If they aspire to acquire the height of mastery in Hadīth, based on their assumption, they engage in [the study of] Jāmi‘ al-‘Usūl of Ibn al-Athīr. If they add to it ‘Ulūm al-Hadīth of Ibn al-Salāh or its abridgment entitled al-Taqrīb wa al-Taysīr of al-Nawawī, etc., then the one who reaches this stage is proclaimed “the Muhaddith of the Muhaddithūn” and “the Bukhārī of the time” among other false titles. For indeed, those who we mentioned are not regarded as Hadīth scholars with this amount.

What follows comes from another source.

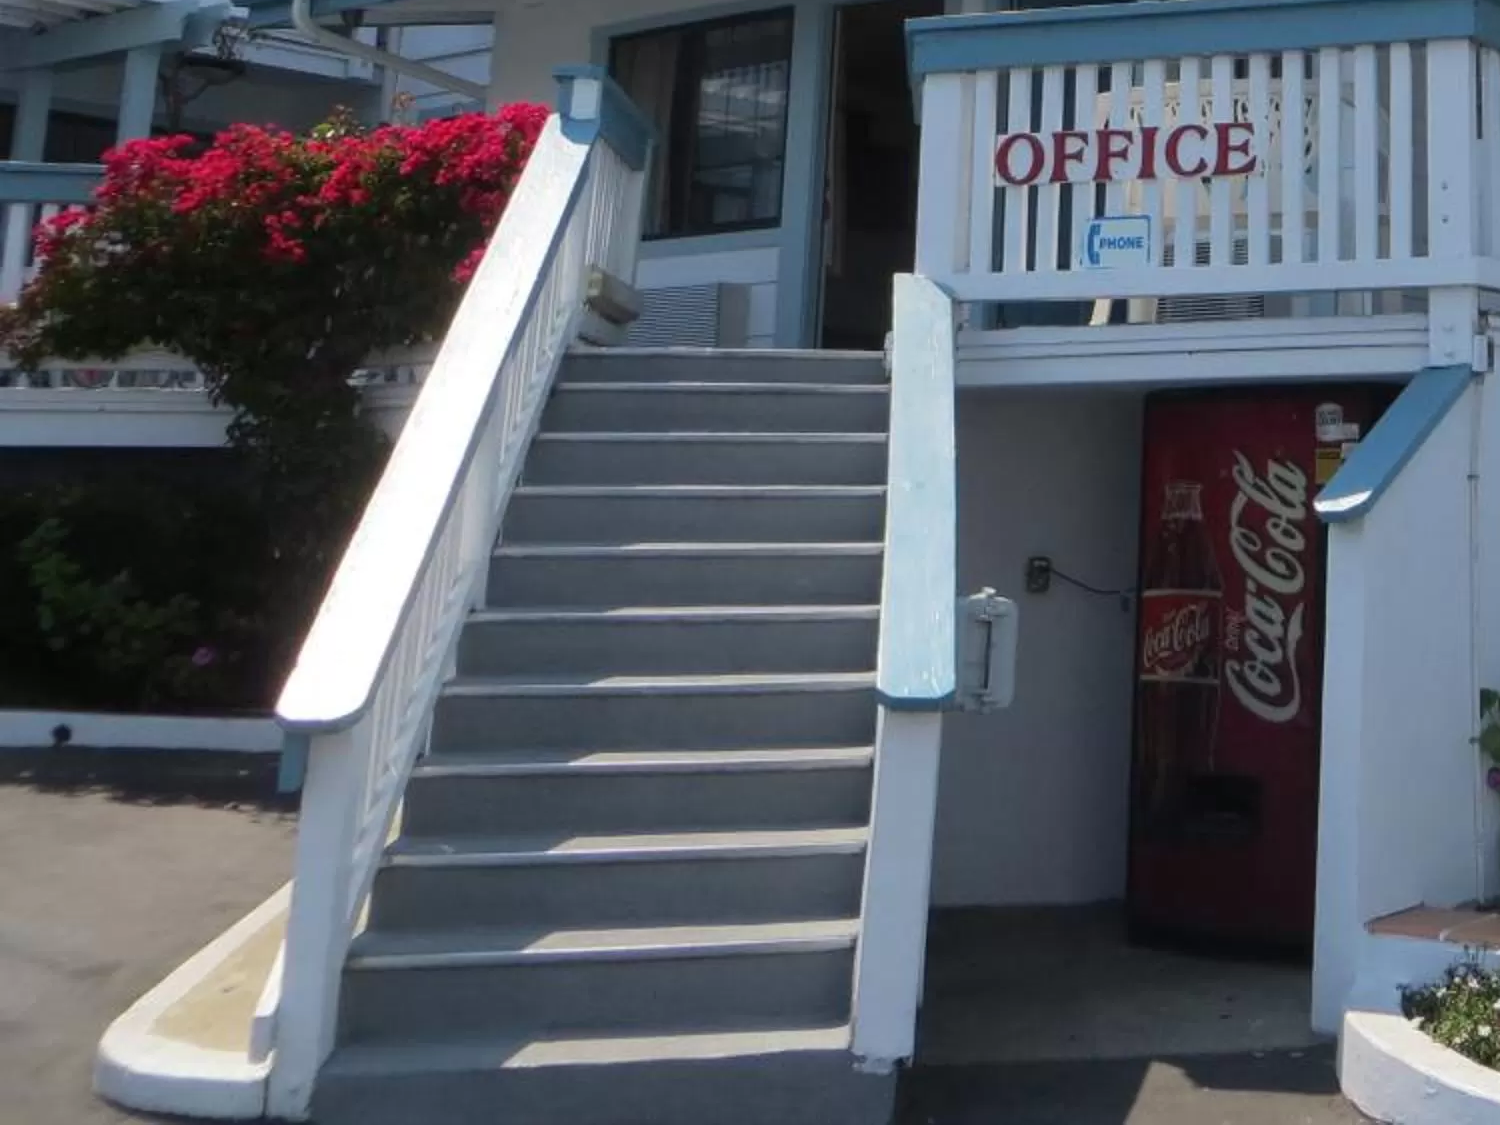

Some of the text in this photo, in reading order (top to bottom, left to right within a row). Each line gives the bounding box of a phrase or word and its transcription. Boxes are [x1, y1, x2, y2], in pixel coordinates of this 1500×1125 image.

[994, 122, 1257, 186] OFFICE
[1099, 235, 1145, 251] PHONE
[1224, 450, 1308, 723] Coca-Cola

A Hadīth scholar is only he who is well acquainted with the chains of transmission, hidden flaws [in Hadīth], the names of narrators, and the elevated (al-‘ālī) and the descending (al-nāzīl) [chains]; he memorized over and above that an abundant amount of [Hadīth] texts; and he listened [under a teacher] to the six canonical books, the Musnad of Ahmad ibn Hanbal, the Sunan of al-Bayhaqī, the Mu‘jam of al-Tabarānī in addition to one thousand Hadīth treatises. This is the lowest of their ranks! When he studies all that we mentioned and he compiles Hadīth collections (al-tibāq), frequents the Shuyūkh, and he discusses the hidden flaws [in Hadīth], the dates of death, and the chains of transmission, he will reach the first rank of the Hadīth scholars. Thereafter, Allāh increases whosoever He will as He wills.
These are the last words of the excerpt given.